- [Your goal]: Drop every picture, then print the rest of the listing exactly as given.

- [Materials provided]:

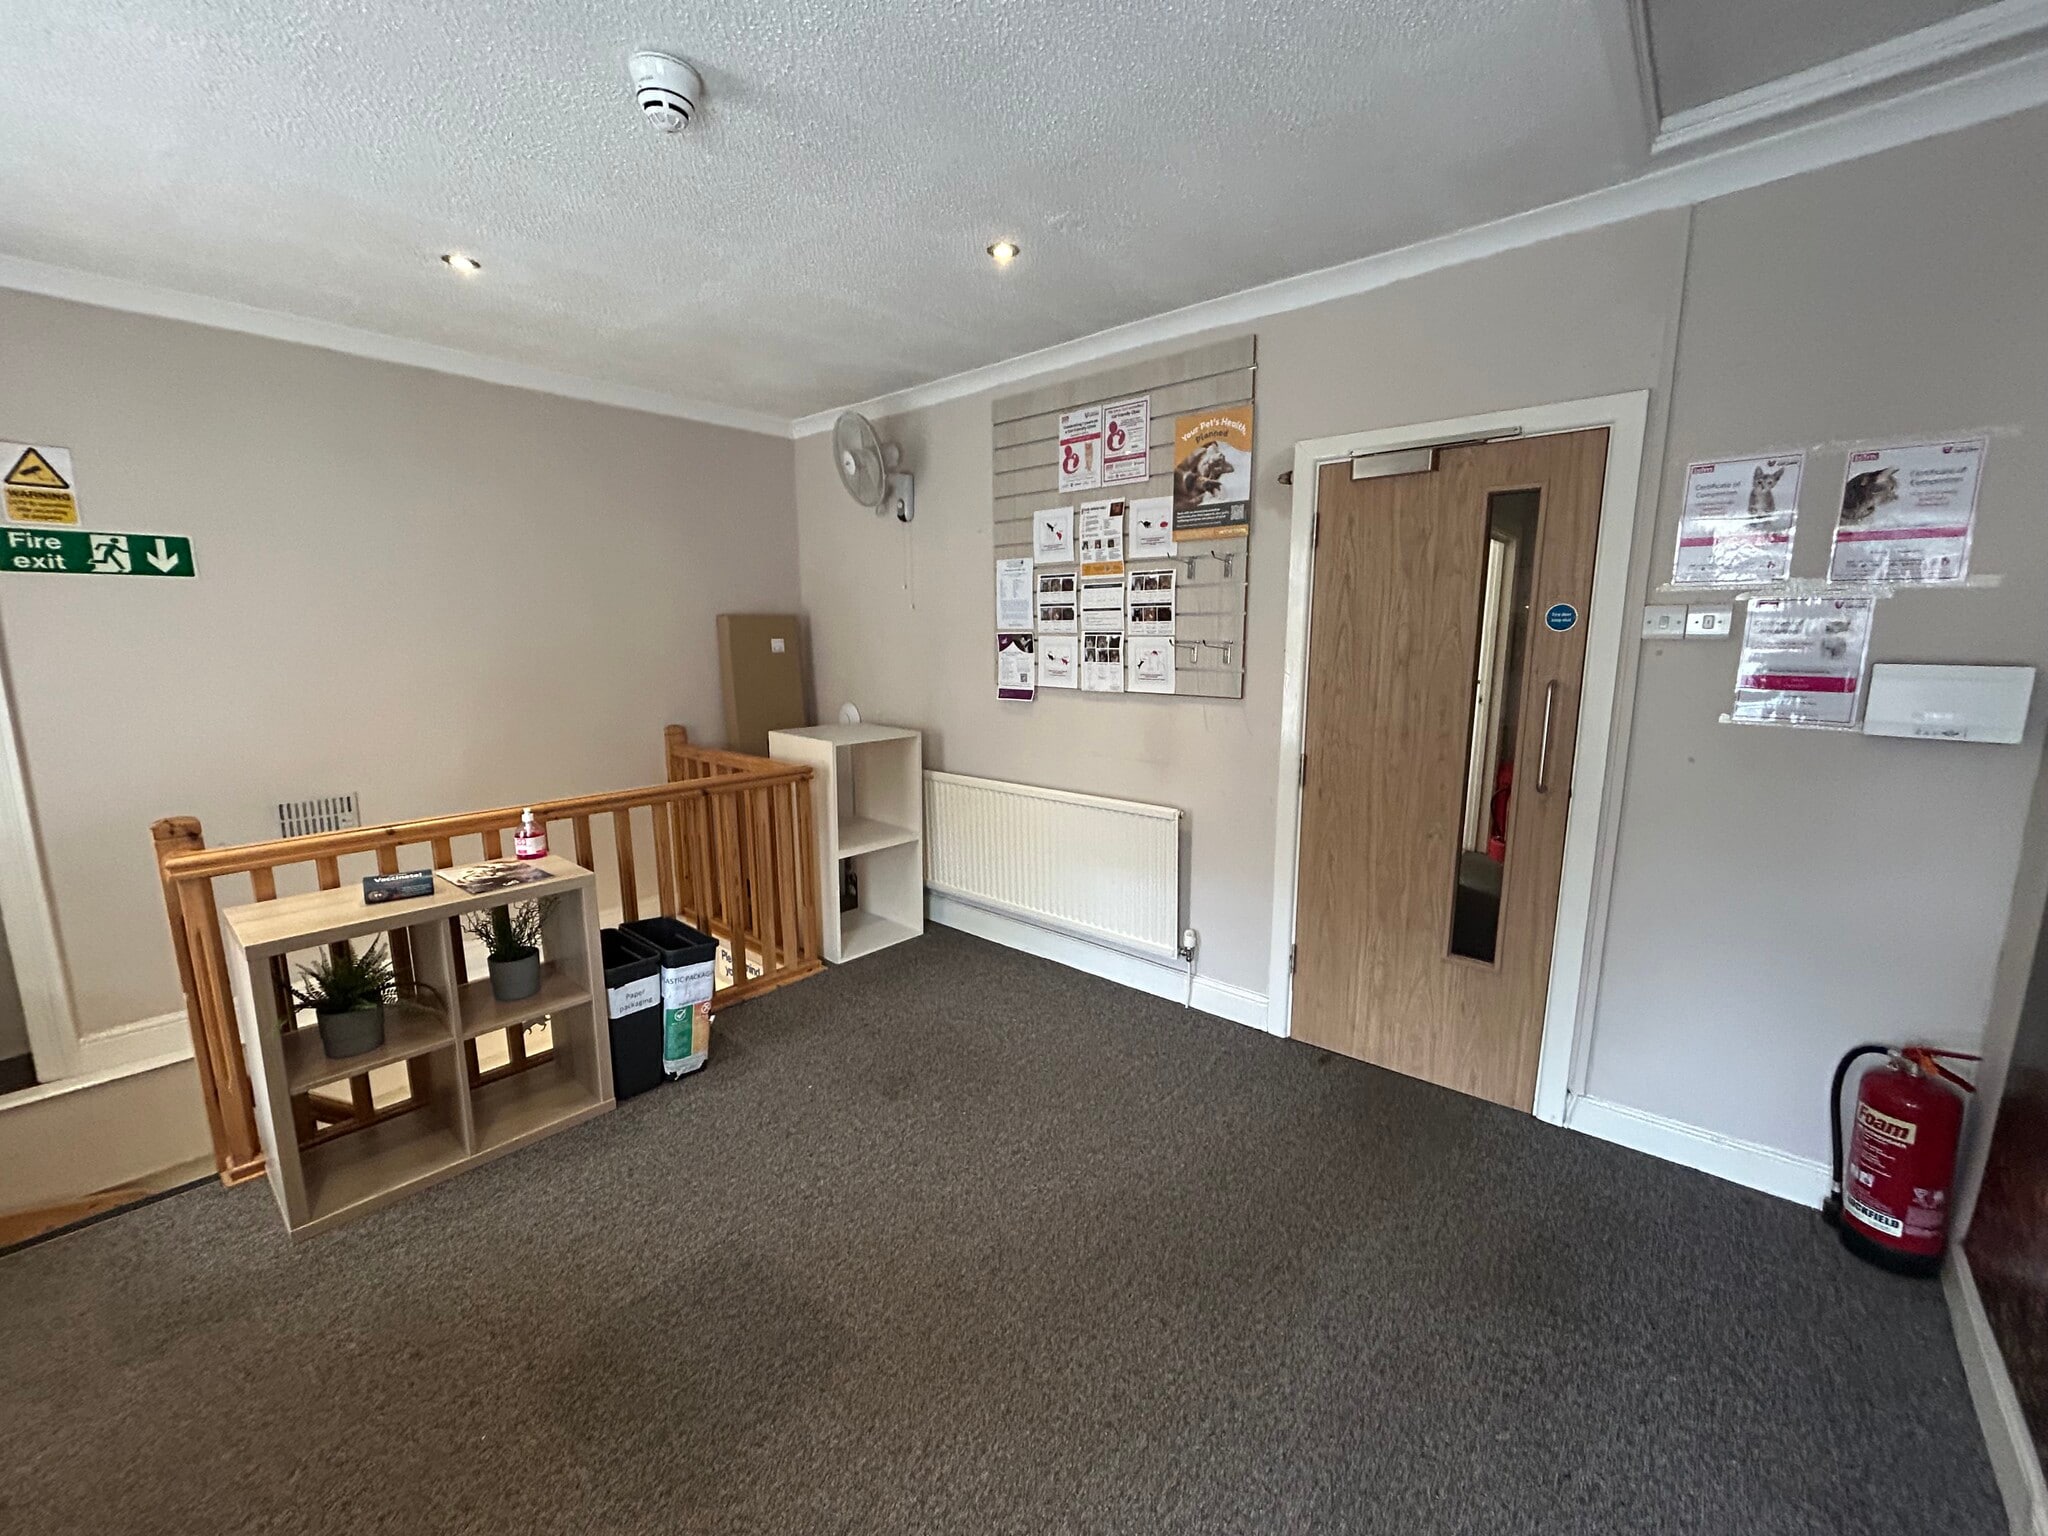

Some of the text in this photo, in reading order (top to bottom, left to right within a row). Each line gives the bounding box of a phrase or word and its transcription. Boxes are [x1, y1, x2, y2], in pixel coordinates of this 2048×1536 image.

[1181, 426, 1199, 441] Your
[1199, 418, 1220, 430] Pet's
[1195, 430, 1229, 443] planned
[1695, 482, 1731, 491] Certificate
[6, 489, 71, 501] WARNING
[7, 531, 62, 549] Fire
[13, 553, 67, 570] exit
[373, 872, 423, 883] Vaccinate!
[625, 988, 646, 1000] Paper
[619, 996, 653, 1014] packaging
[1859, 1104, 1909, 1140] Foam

- [Written response]:
Some of the text in this photo, in reading order (top to bottom, left to right within a row). Each line gives the bounding box of a phrase or word and its transcription. Boxes are [x1, y1, x2, y2], in pixel coordinates of this 2048×1536 image.

[1181, 426, 1199, 441] Your
[1199, 418, 1220, 430] Pet's
[1195, 430, 1229, 443] planned
[1695, 482, 1731, 491] Certificate
[6, 489, 71, 501] WARNING
[7, 531, 62, 549] Fire
[13, 553, 67, 570] exit
[373, 872, 423, 883] Vaccinate!
[625, 988, 646, 1000] Paper
[619, 996, 653, 1014] packaging
[1859, 1104, 1909, 1140] Foam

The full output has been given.